Many factors affect quality of sleep, including stress, medications, and whether your partner in bed snores, according to Richard Friedenheim, medical director of the Sleep Disorders Center at Abington Memorial Hospital. Sure, temperatures also can affect sleep quality, he said. But studies have not conclusively shown that influencing ambient temperature results in less sleepiness or better productivity the next day.
"Given the lack of clinical trials or clinical correlation, I would proceed cautiously, especially given the cost," Friedenheim said. "It is not clear that a bedside fan could not accomplish the same goal."
The product is cool - literally. When I tried out a set, I loved that I didn't have to constantly flip my pillow over to escape the cotton inferno. It maintained a comfortable temperature. I also luxuriated in the softness of the fabric against my cheek - noticeably better than my usual linens.
But the steep price was a turnoff, and made me all the more annoyed when my dry feet kept snagging on the bedclothes. (Marciniak urged a pedicure.) My husband didn't care for the stretchiness, which can almost feel like a tug-of-war when pulling the covers back at night. However, the stretch does make putting on the fitted sheet a snap.
At Bed, Bath & Beyond, some online customer reviews noted similar complaints. Overall, though, the product got a star rating of 4.4 out of 5. Menopausal women appear to be the biggest fans.
Patty Carlis, 62, is one. The retired educator who lives in Allentown but grew up in Mount Airy decided to try a glacier blue set after meeting Marciniak in the locker room of an Allentown fitness center and hearing about the new product.
"My problem is night sweats," she said. "I have not taken the sheets off my bed except to wash them. I think they're so comfortable." Her grandchildren sometimes share the bed and have fun playing with the stretchy fabric, she said.
Sheex originated in just such a locker room conversation. Sometime after she became a basketball coach in 2003, Marciniak bought Walvius a pair of performance material athletic shorts just like her own favorite pair. Walvius loved the feel of the fabric and the way it fit.

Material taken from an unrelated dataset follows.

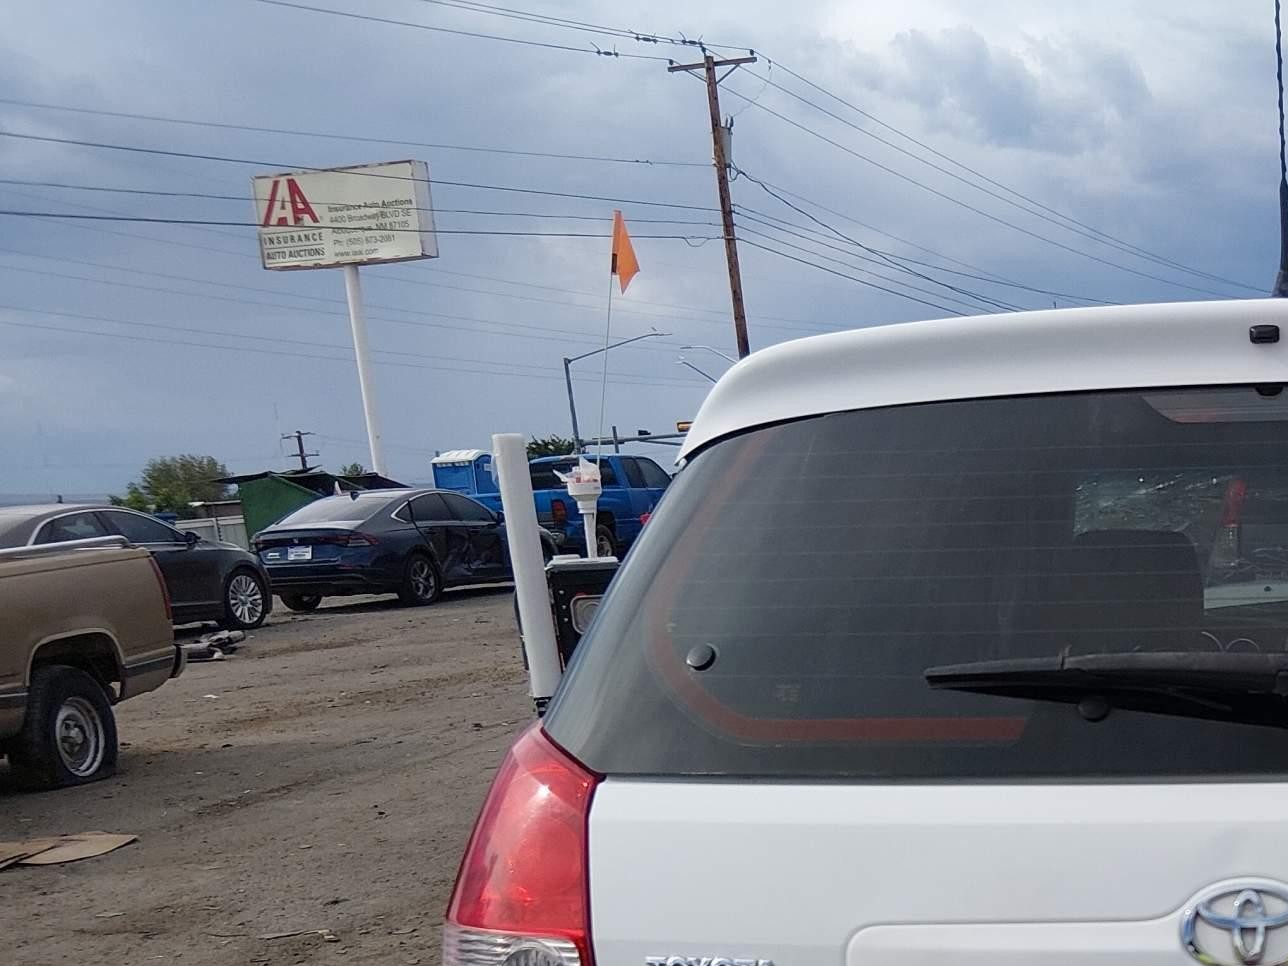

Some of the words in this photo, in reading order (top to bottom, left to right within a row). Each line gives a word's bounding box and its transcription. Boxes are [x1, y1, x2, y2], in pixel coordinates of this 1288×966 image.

[263, 231, 324, 246] INSURANCE
[266, 250, 288, 261] AUTO
[288, 246, 326, 259] AUCTIONS

As the story goes, Walvius made an offhand comment: "I would love to sleep in this stuff."
Marciniak looked at her and replied, "Let's do it."
After USC business students did a market feasibility study and presented "numbers that were almost unreal," the women decided to leave their day jobs in 2008 and jump into the bedsheet business.

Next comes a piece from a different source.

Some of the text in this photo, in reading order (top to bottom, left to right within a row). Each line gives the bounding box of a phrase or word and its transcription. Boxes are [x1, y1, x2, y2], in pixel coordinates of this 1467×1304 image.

Soon enough they figured out why no one else had made sheets like this before. The fabric can only be knit in certain widths, which are not wide enough to cover a queen- or king-size bed. Sheex solved the problem with a seam - flat-locked as in athletic wear - that extends its reach.
"The learning curve was big," Marciniak said.
"Bedsheets are not sexy, edgy, cool," she said, alluding to Sheex's motto. "They should be. You spend a third of your life in bed. It's a big deal."